CHANGING THE LAWS OF MARRIAGE: Gabriel Rosenberg
Lately, I've been thinking about two seemingly unrelated arguments against same-sex marriage. One is that we shouldn't change the laws of marriage, which apply to the heterosexual majority, for the sake of accomodating the homosexual minority. The other is that if we are going to allow same-sex couples to marry, why not allow polygamy or incestuous marriage. My most detailed response to the latter argument came last February in a series of
two posts and a
follow-up. I just wanted to emphasize one point that might have gotten lost in all of that. And it relates to the first argument above.
Same-sex marriage, at least in Massachusetts and several other states, would not change the laws which govern the marital relationship. Same-sex couples would be subjected to the exact same laws that currently apply to opposite-sex couples. Likewise opposite-sex couples who marry would continue to have the exact same laws apply. For example, should same-sex marriage become legal in Connecticut, the laws which govern my marriage to my wife will not change. One can argue--and we certainly do--about the cultural impact of allowing SSM, but in terms of the law the only change would be which couples may enter into marriage, not the legal consequences of marriage. Polygamy, on the other hand, changes a law which governs marriage and it changes it for everybody. Whereas the law now says a married person may not remarry without obtaining a divorce, it would no longer require that. Although this is not the only problem with polygamy, it is a serious one. I believe it would have a significant detrimental impact on the marital relationship. Likewise no-fault divorce changed the laws which govern the marriage relationship itself. The rules for what may end the marriage changed, and this quite naturally had an impact on the marital relationship. Again since the laws changed for everybody, its potential effect reached everybody. Even those that don't get a divorce are aware that divorce could happen even if they do nothing wrong.

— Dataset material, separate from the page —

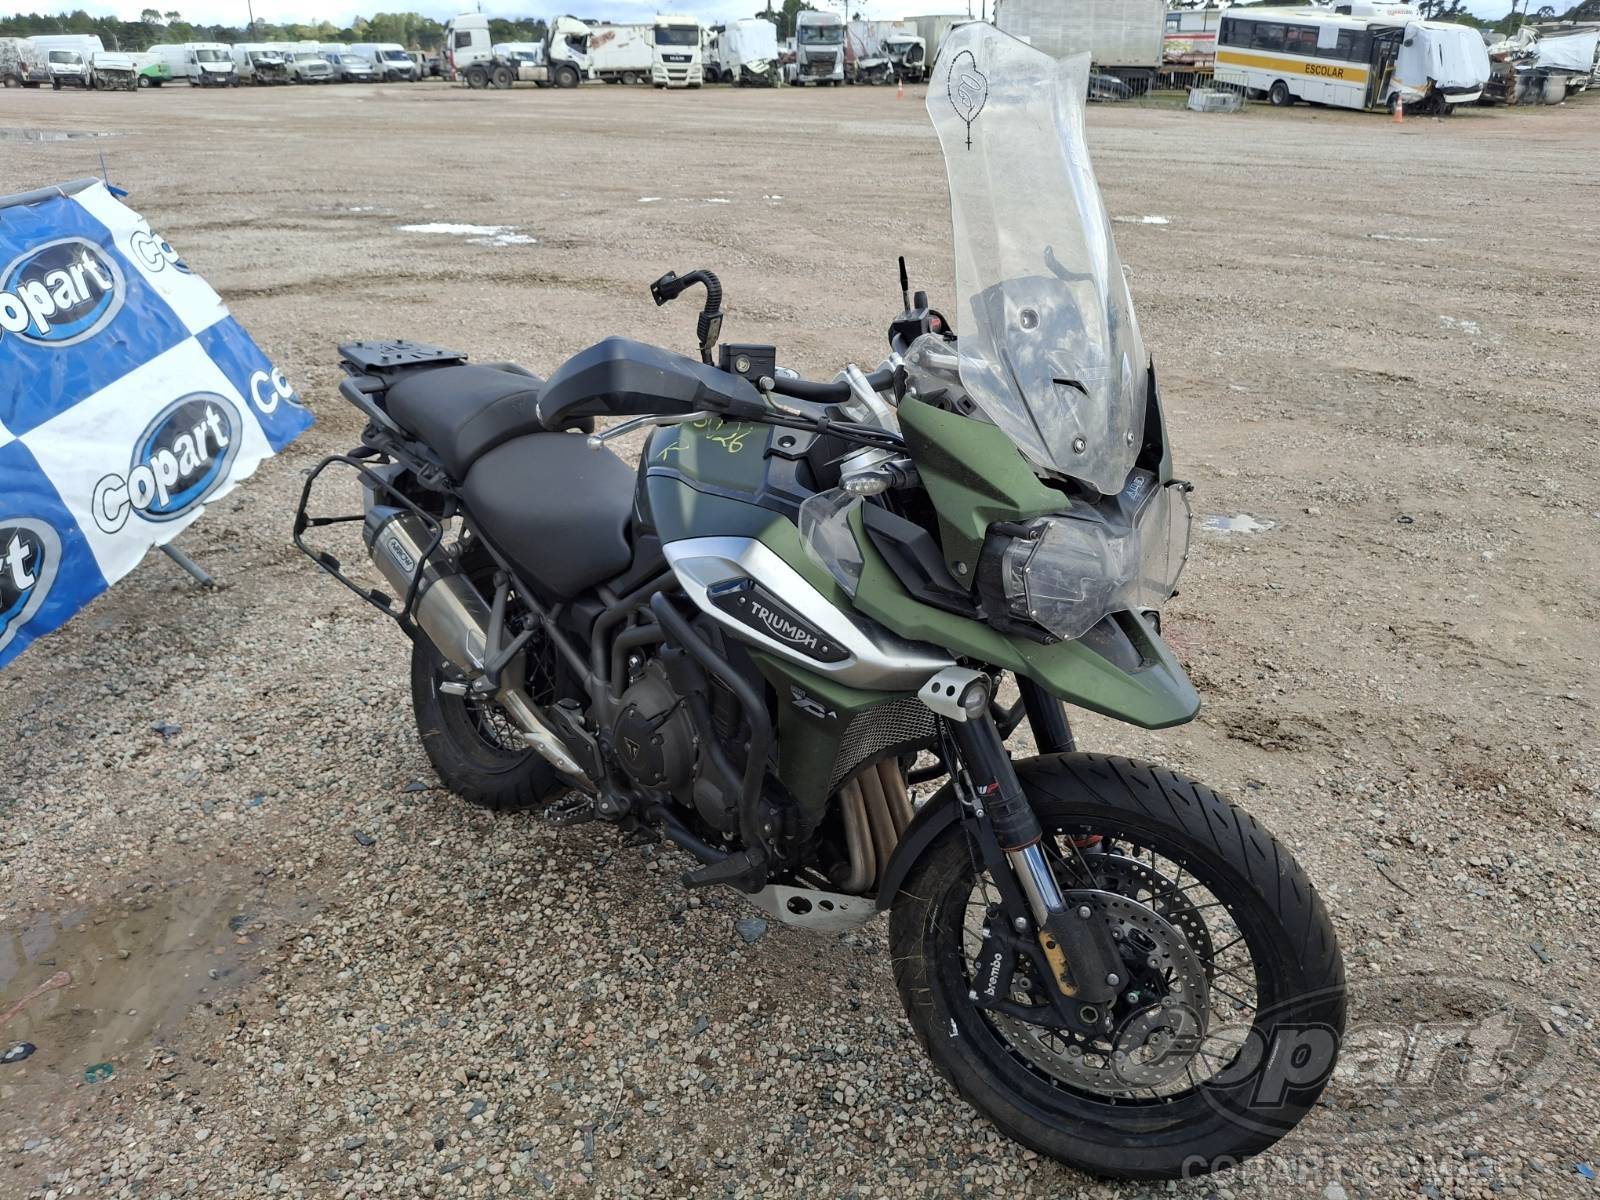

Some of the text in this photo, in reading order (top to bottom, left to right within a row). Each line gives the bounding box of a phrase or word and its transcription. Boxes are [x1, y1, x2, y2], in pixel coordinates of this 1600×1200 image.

In some sense, changing the prohibitions with regards to incestuous marriage is more like the change in same-sex prohibitions in that, with regards to marriage, it is a change of who may enter into the relationship and not a change of the laws which govern the consequences of marriage. But such a move does indeed change the laws which govern those other kinship relations. So just as legalized polygamy and no-fault divorce could impact the marital relationship, legalized incestuous marriage could impact other family relationships. In this respect alone I see a huge difference between same-sex marriage on the one hand and no-fault divorce, polgyamy, or incestuous marriage on the other. And, of course, there are other differences as well.